Where a record contains a picture, omit the picture and repeat the rest exactly.

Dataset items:
>>

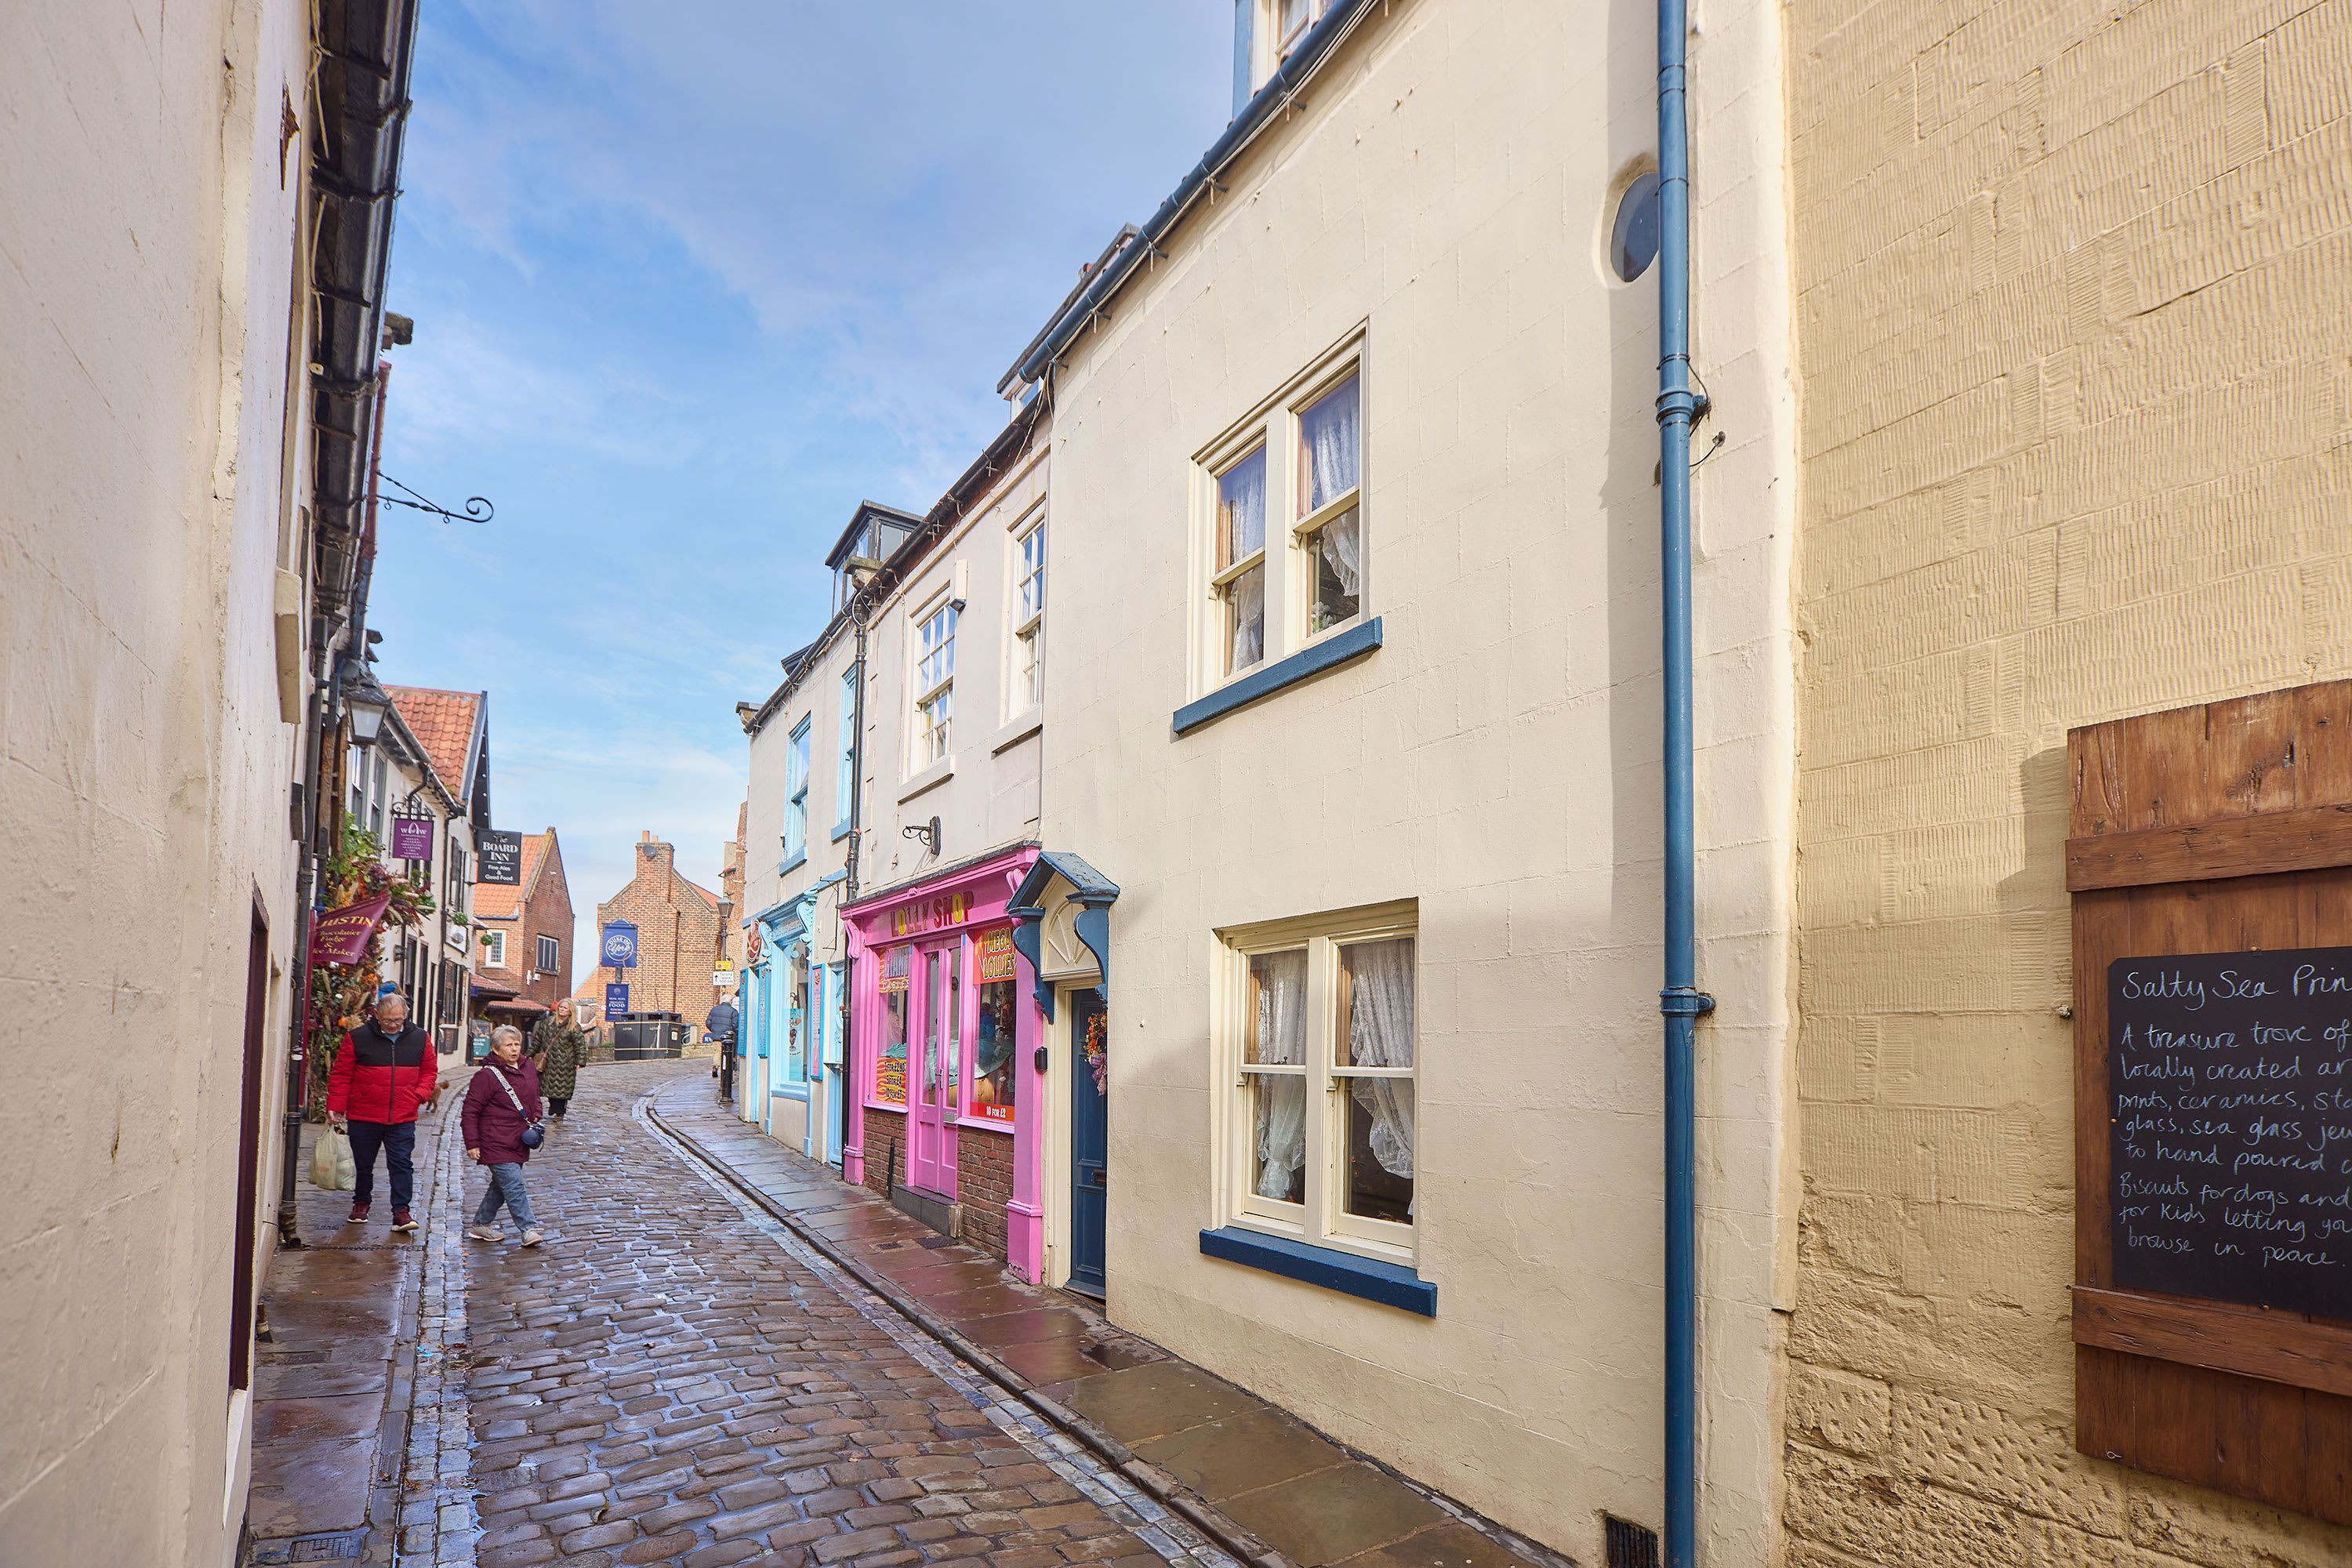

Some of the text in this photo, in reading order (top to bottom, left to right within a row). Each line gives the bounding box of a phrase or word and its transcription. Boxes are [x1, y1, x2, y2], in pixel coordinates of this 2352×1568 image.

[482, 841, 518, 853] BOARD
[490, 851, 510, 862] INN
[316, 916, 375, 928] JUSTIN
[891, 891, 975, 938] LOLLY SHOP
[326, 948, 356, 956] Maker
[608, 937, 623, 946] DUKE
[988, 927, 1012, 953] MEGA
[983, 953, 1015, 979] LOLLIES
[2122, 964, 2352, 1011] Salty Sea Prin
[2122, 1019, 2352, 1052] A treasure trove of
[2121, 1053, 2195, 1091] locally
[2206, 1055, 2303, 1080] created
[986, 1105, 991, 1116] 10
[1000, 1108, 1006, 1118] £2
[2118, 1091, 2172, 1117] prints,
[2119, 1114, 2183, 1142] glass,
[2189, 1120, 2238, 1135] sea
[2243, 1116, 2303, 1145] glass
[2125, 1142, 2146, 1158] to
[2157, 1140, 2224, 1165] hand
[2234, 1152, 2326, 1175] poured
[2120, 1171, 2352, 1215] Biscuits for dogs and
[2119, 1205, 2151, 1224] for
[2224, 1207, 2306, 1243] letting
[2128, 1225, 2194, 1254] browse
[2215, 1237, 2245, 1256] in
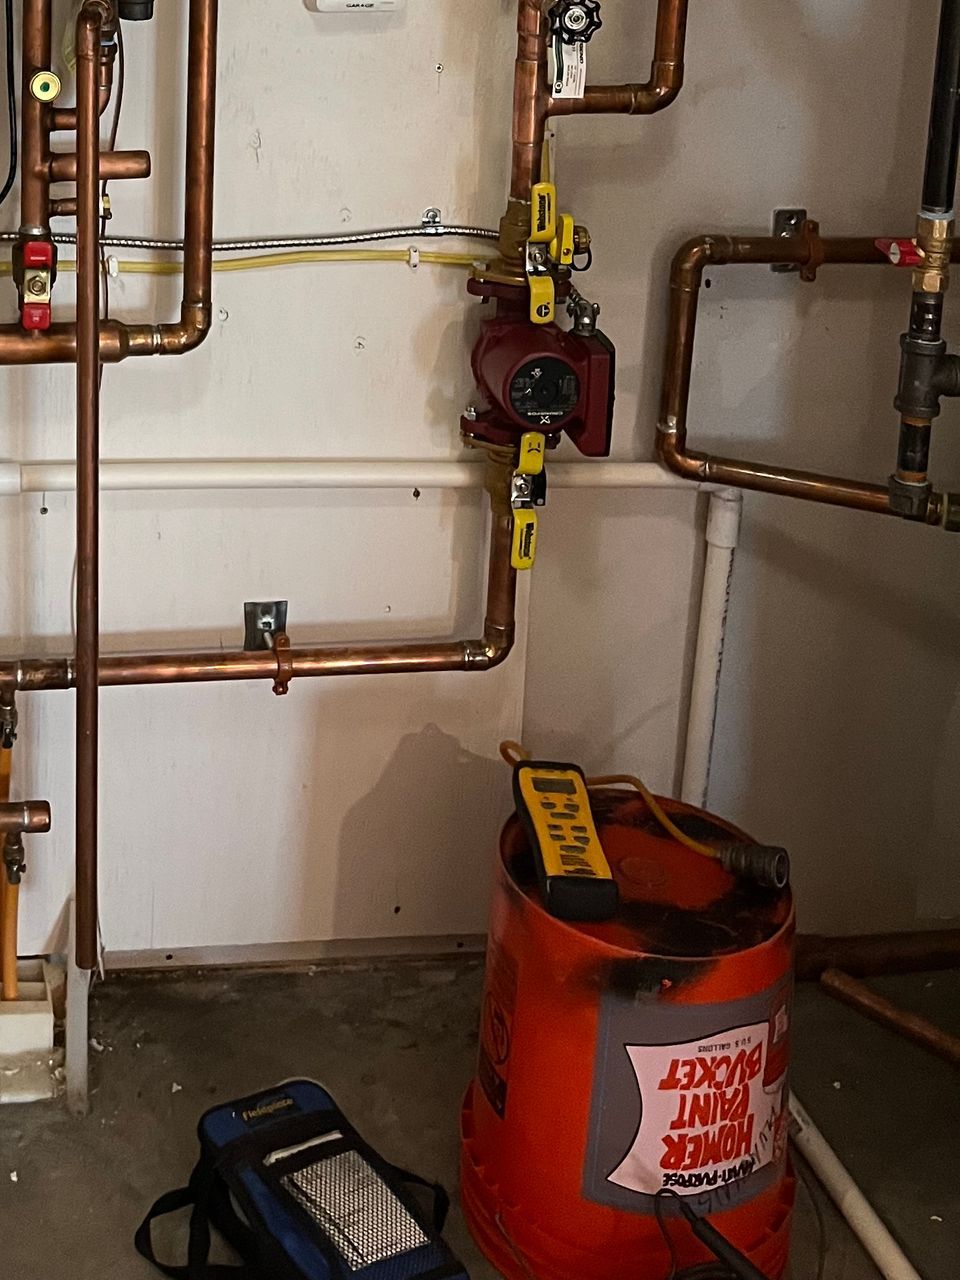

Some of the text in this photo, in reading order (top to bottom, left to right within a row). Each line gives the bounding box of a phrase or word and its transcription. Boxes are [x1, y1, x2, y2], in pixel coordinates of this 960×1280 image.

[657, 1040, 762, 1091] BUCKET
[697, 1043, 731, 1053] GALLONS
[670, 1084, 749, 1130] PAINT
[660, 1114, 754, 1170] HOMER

<<

• **RESULT FOR THIS TASK**
Some of the text in this photo, in reading order (top to bottom, left to right within a row). Each line gives the bounding box of a phrase or word and its transcription. Boxes are [x1, y1, x2, y2], in pixel coordinates of this 2352×1568 image.

[482, 841, 518, 853] BOARD
[490, 851, 510, 862] INN
[316, 916, 375, 928] JUSTIN
[891, 891, 975, 938] LOLLY SHOP
[326, 948, 356, 956] Maker
[608, 937, 623, 946] DUKE
[988, 927, 1012, 953] MEGA
[983, 953, 1015, 979] LOLLIES
[2122, 964, 2352, 1011] Salty Sea Prin
[2122, 1019, 2352, 1052] A treasure trove of
[2121, 1053, 2195, 1091] locally
[2206, 1055, 2303, 1080] created
[986, 1105, 991, 1116] 10
[1000, 1108, 1006, 1118] £2
[2118, 1091, 2172, 1117] prints,
[2119, 1114, 2183, 1142] glass,
[2189, 1120, 2238, 1135] sea
[2243, 1116, 2303, 1145] glass
[2125, 1142, 2146, 1158] to
[2157, 1140, 2224, 1165] hand
[2234, 1152, 2326, 1175] poured
[2120, 1171, 2352, 1215] Biscuits for dogs and
[2119, 1205, 2151, 1224] for
[2224, 1207, 2306, 1243] letting
[2128, 1225, 2194, 1254] browse
[2215, 1237, 2245, 1256] in

Some of the text in this photo, in reading order (top to bottom, left to right within a row). Each line gives the bounding box of a phrase or word and its transcription. Boxes are [x1, y1, x2, y2], in pixel coordinates of this 960×1280 image.

[657, 1040, 762, 1091] BUCKET
[697, 1043, 731, 1053] GALLONS
[670, 1084, 749, 1130] PAINT
[660, 1114, 754, 1170] HOMER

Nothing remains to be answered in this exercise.